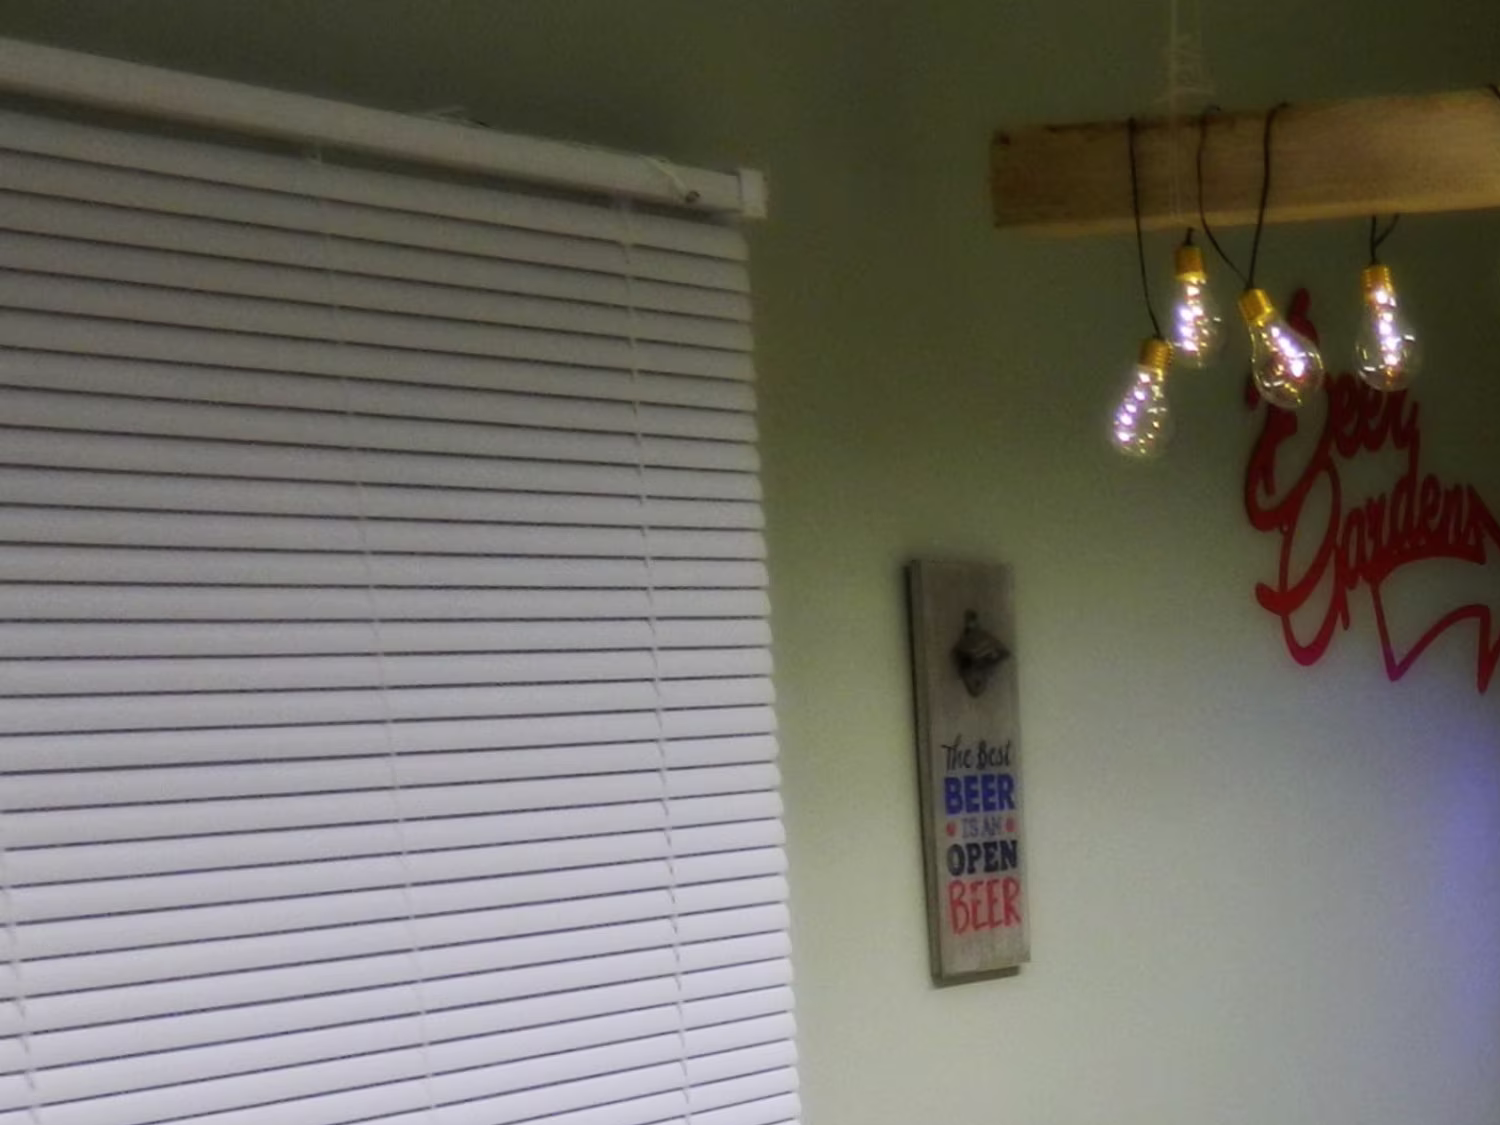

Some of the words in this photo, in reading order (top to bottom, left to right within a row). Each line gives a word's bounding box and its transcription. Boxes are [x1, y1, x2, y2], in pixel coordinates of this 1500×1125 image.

[940, 735, 973, 770] The
[976, 740, 1011, 770] Best
[943, 773, 1016, 816] BEER
[961, 818, 980, 838] IS
[980, 815, 1002, 838] AN
[946, 839, 1019, 877] OPEN
[948, 876, 1022, 935] BEER
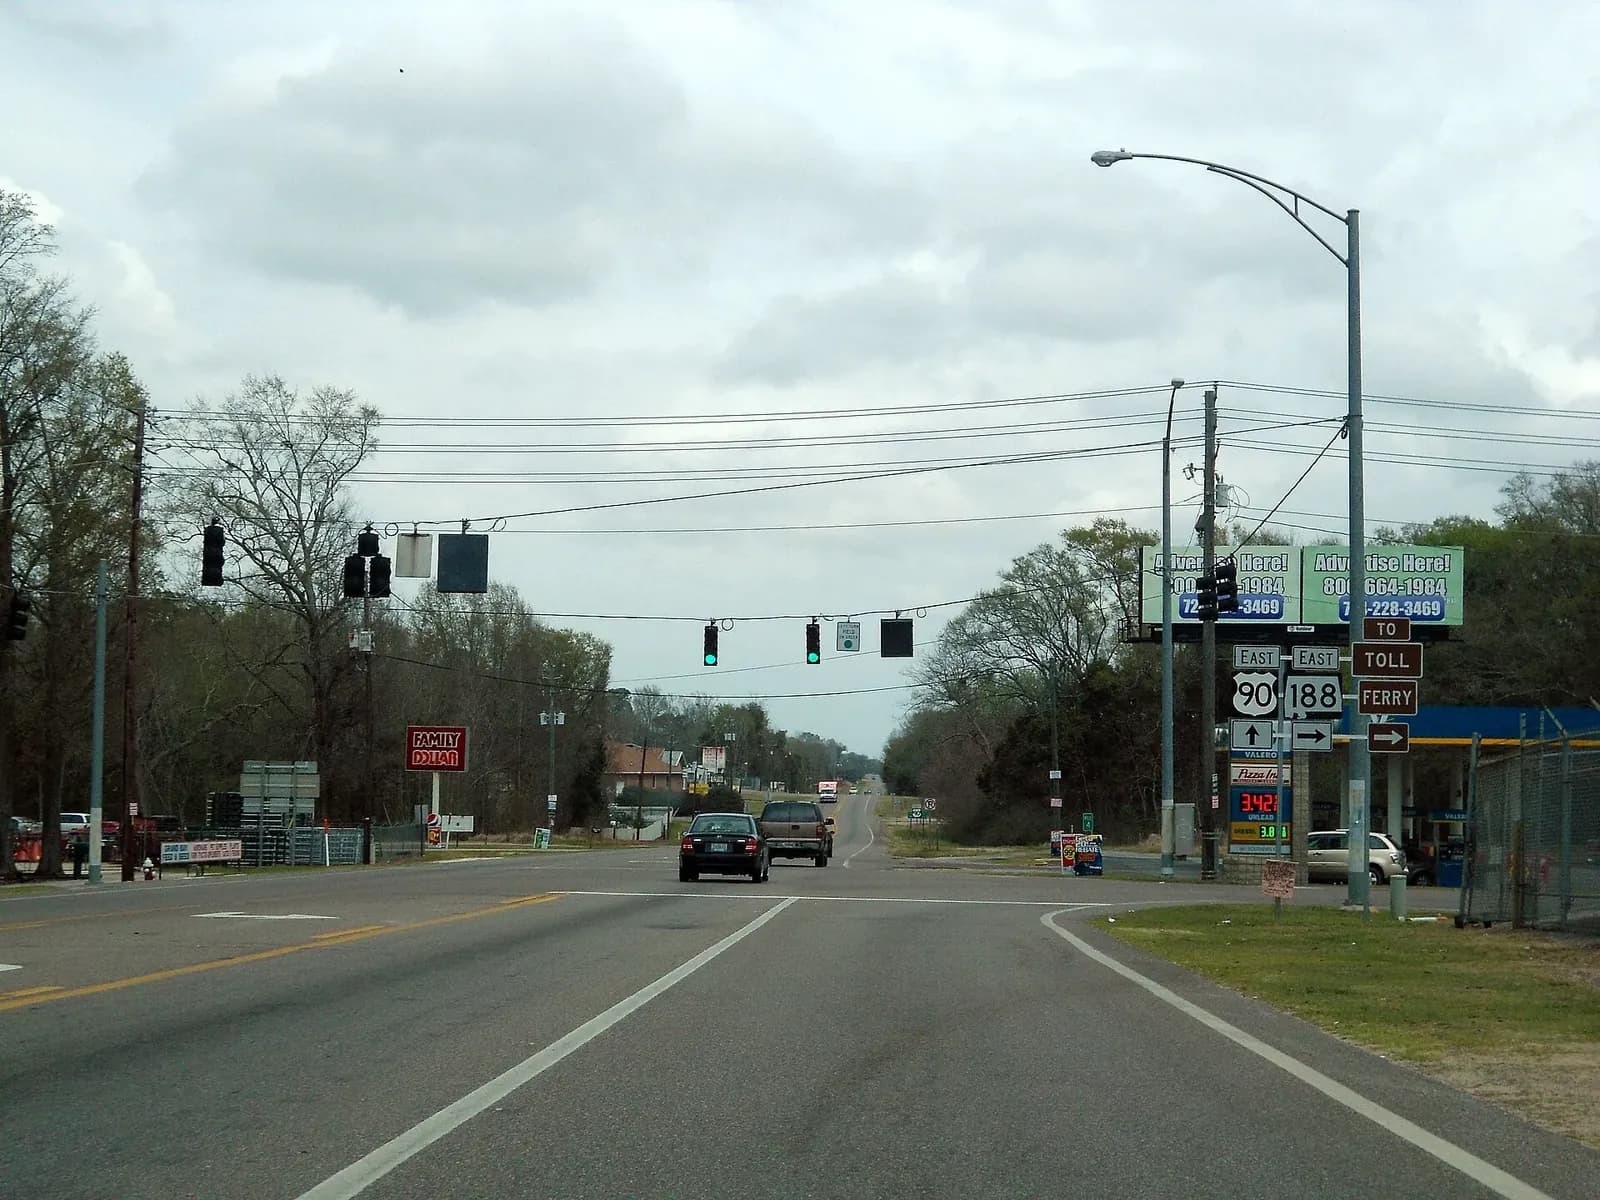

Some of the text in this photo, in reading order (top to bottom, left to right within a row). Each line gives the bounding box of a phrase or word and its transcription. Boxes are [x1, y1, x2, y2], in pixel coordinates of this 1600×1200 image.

[1240, 553, 1289, 571] Here!
[1314, 553, 1451, 572] Advtise Here!
[1323, 577, 1447, 596] 80664-1984
[1343, 600, 1441, 616] 7-228-3469
[1377, 622, 1396, 636] TO
[1241, 649, 1274, 665] EAST
[1300, 649, 1333, 666] EAST
[1365, 652, 1410, 668] TOLL
[1239, 682, 1273, 707] 90
[1291, 683, 1336, 708] 188
[1363, 690, 1412, 705] FERRY
[413, 732, 461, 748] FAMILY
[412, 750, 459, 766] DOLLAR
[1245, 751, 1277, 759] VALERO
[1238, 768, 1279, 779] Pizza In
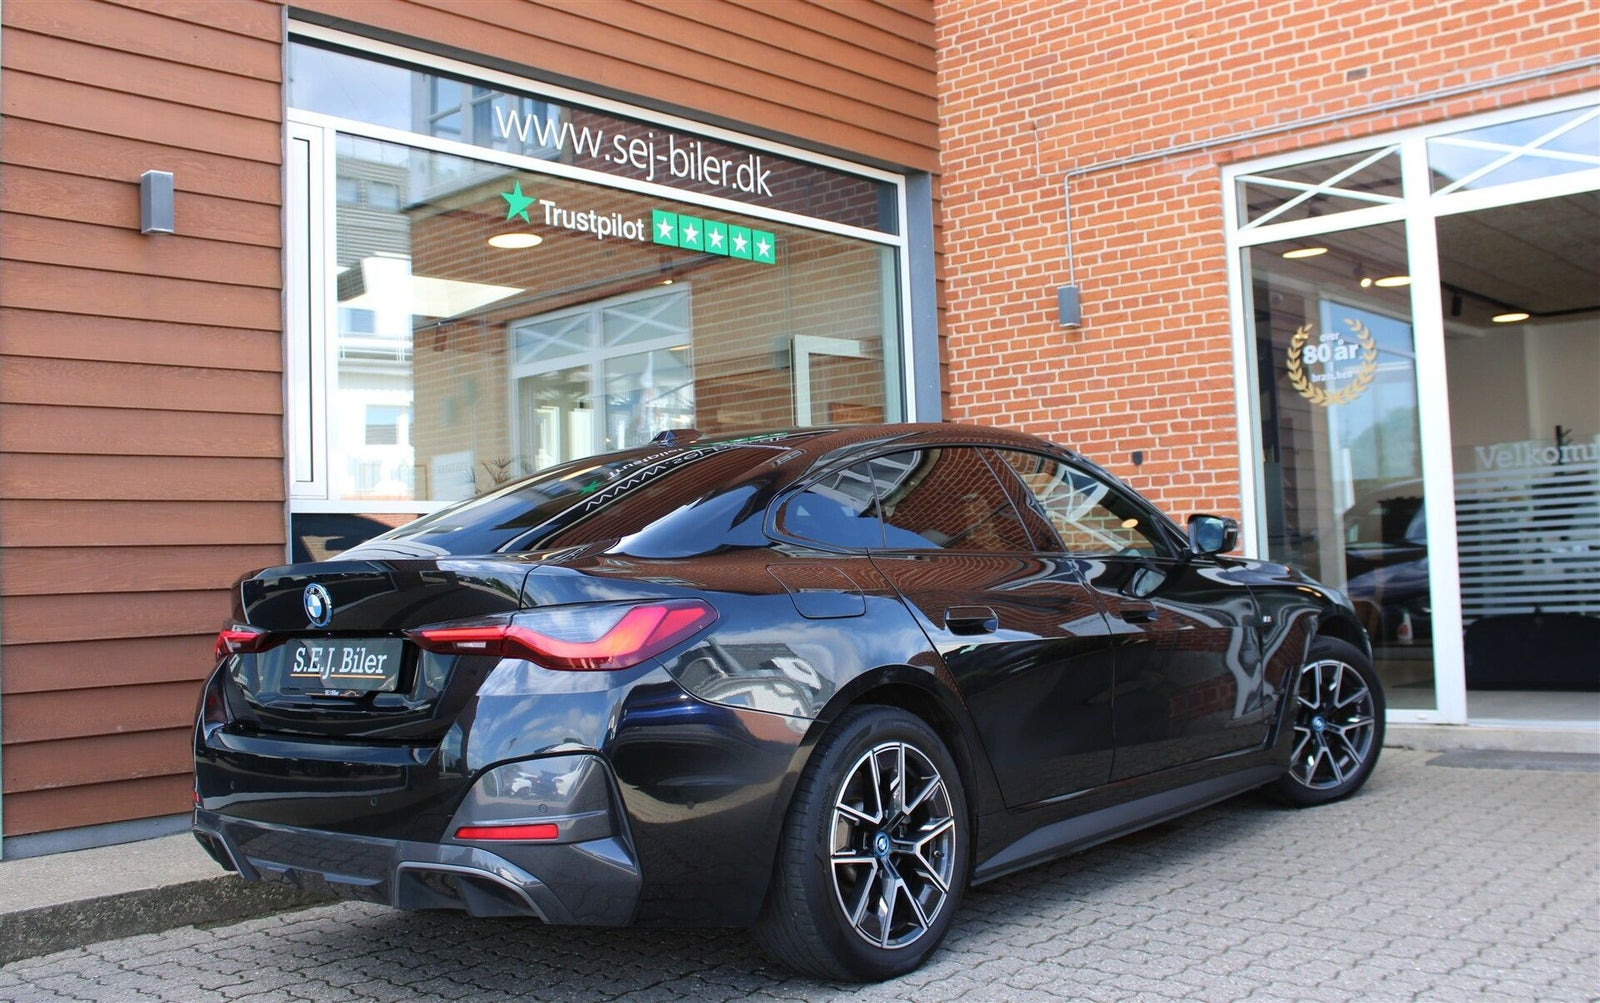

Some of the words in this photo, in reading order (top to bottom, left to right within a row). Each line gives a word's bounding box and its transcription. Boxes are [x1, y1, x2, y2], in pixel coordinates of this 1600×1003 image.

== == ==

*Your assignment*. Please copy out the whole listing exactly as it stands, minus the pictures.

*Result*.
Some of the words in this photo, in reading order (top to bottom, left to right within a row). Each line gives a word's bounding box and its transcription. Boxes are [x1, y1, x2, y2], in pixel coordinates of this 1500×1125 image.

[940, 735, 973, 770] The
[976, 740, 1011, 770] Best
[943, 773, 1016, 816] BEER
[961, 818, 980, 838] IS
[980, 815, 1002, 838] AN
[946, 839, 1019, 877] OPEN
[948, 876, 1022, 935] BEER

Some of the text in this photo, in reading order (top to bottom, left to right within a row). Each line gives the bounding box of a phrase or word and its transcription. Boxes are [x1, y1, x2, y2], in pixel coordinates of this 1600×1200 image.

[1240, 553, 1289, 571] Here!
[1314, 553, 1451, 572] Advtise Here!
[1323, 577, 1447, 596] 80664-1984
[1343, 600, 1441, 616] 7-228-3469
[1377, 622, 1396, 636] TO
[1241, 649, 1274, 665] EAST
[1300, 649, 1333, 666] EAST
[1365, 652, 1410, 668] TOLL
[1239, 682, 1273, 707] 90
[1291, 683, 1336, 708] 188
[1363, 690, 1412, 705] FERRY
[413, 732, 461, 748] FAMILY
[412, 750, 459, 766] DOLLAR
[1245, 751, 1277, 759] VALERO
[1238, 768, 1279, 779] Pizza In

Some of the words in this photo, in reading order (top to bottom, left to right within a row). Each line gives a word's bounding box and its transcription. Boxes are [x1, y1, x2, y2], in pixel coordinates of this 1600×1003 image.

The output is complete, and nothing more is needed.